Using Kubernetes to Generate Load


Our development team needed to perform load testing on an API server recently.  Of course our first thought was to build a minimal container with a client, run it in Kubernetes, and scale it up to the desired number.

For a moment we considered running this in the cloud, but we realized that would get expensive very quickly, so we immediately pivoted to running it locally. 

Running the client in a local Kubernetes cluster provided by Rancher Desktop on an M1 Mac worked until we tried to scale it up. It turns out the overhead of virtualization and CPU emulation is not ideal for this kind of thing.

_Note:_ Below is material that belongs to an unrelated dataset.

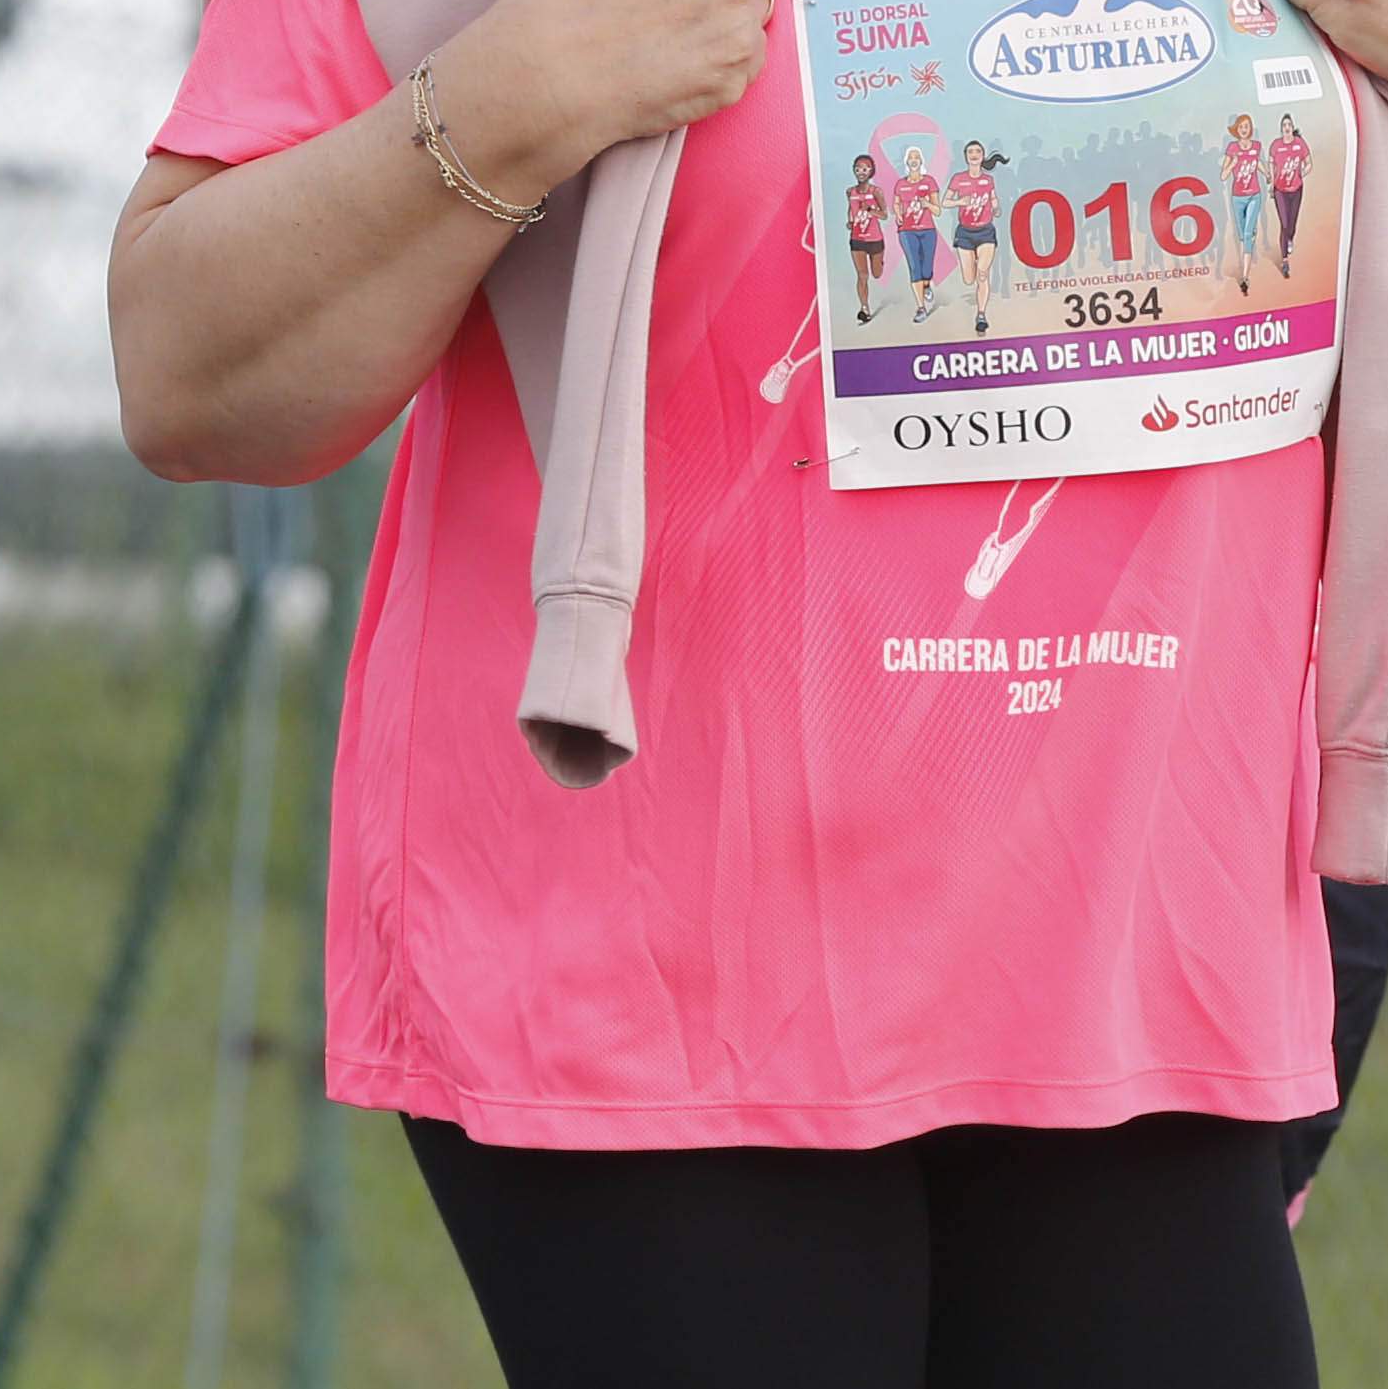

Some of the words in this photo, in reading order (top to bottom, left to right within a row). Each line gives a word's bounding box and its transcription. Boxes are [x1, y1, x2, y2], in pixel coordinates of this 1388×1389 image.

Next we moved our testing to a Linux laptop, building a local Kubernetes "cluster" using kind and docker. That got rid of all that virtualization overhead, but we still ran into a number of limits:

  1. Max pods per node
  2. Number of open files
  3. Pod IP block size
  4. ARP table size

Our solution ended up being a mix of Kubernetes configuration and sysctl settings, but with all of these limits modified, our load generator works!  A script that captures all of this logic (and that you can use for your own load testing) can be found on GitHub.  See the script for the exact commands and implementation, but here are some additional technical details:

  1. There is a default limit of 110 pods per node in kubelet. Since there are a few pods required by the cluster to operate, when we ran kubectl --context kind-loadtest get deployment scaleit, the number in the AVAILABLE column stalled out at 100.  To solve that, when we build the kind cluster we pass in kubeletExtraArgs to set max-pods to a number larger than the number of clients we require.
  2. Our client application was crashing with the message too many open files at around 120 pods.  We found that the default limits for inotify are low enough to cause problems (with all credit to this entry in the Known Issues page for kind), so we are increasing the sysctl values fs.inotify.max_user_watches and fs.inotify.max_user_instances to multiples of the maximum number of pods.
  3. The default IP address block in the cluster is a /24, so that makes you max out around 250 pods (with similar behavior to the max-pods limit we hit earlier). To increase that limit, we also set podSubnet and pass in extraArgs to set node-cidr-mask-size to large values (based on the maximum number of pods above) when building the kind cluster.
  4. At a little over 500 pods, the ARP table overflows and networking breaks.  We found the message neighbour: arp_cache: neighbor table overflow! in dmesg output.  To increase the size of the ARP table, we modify the sysctl values net.ipv4.neigh.default.gc_thresh1, net.ipv4.neigh.default.gc_thresh2, and net.ipv4.neigh.default.gc_thresh3 to large enough values to easily accommodate the maximum number of pods.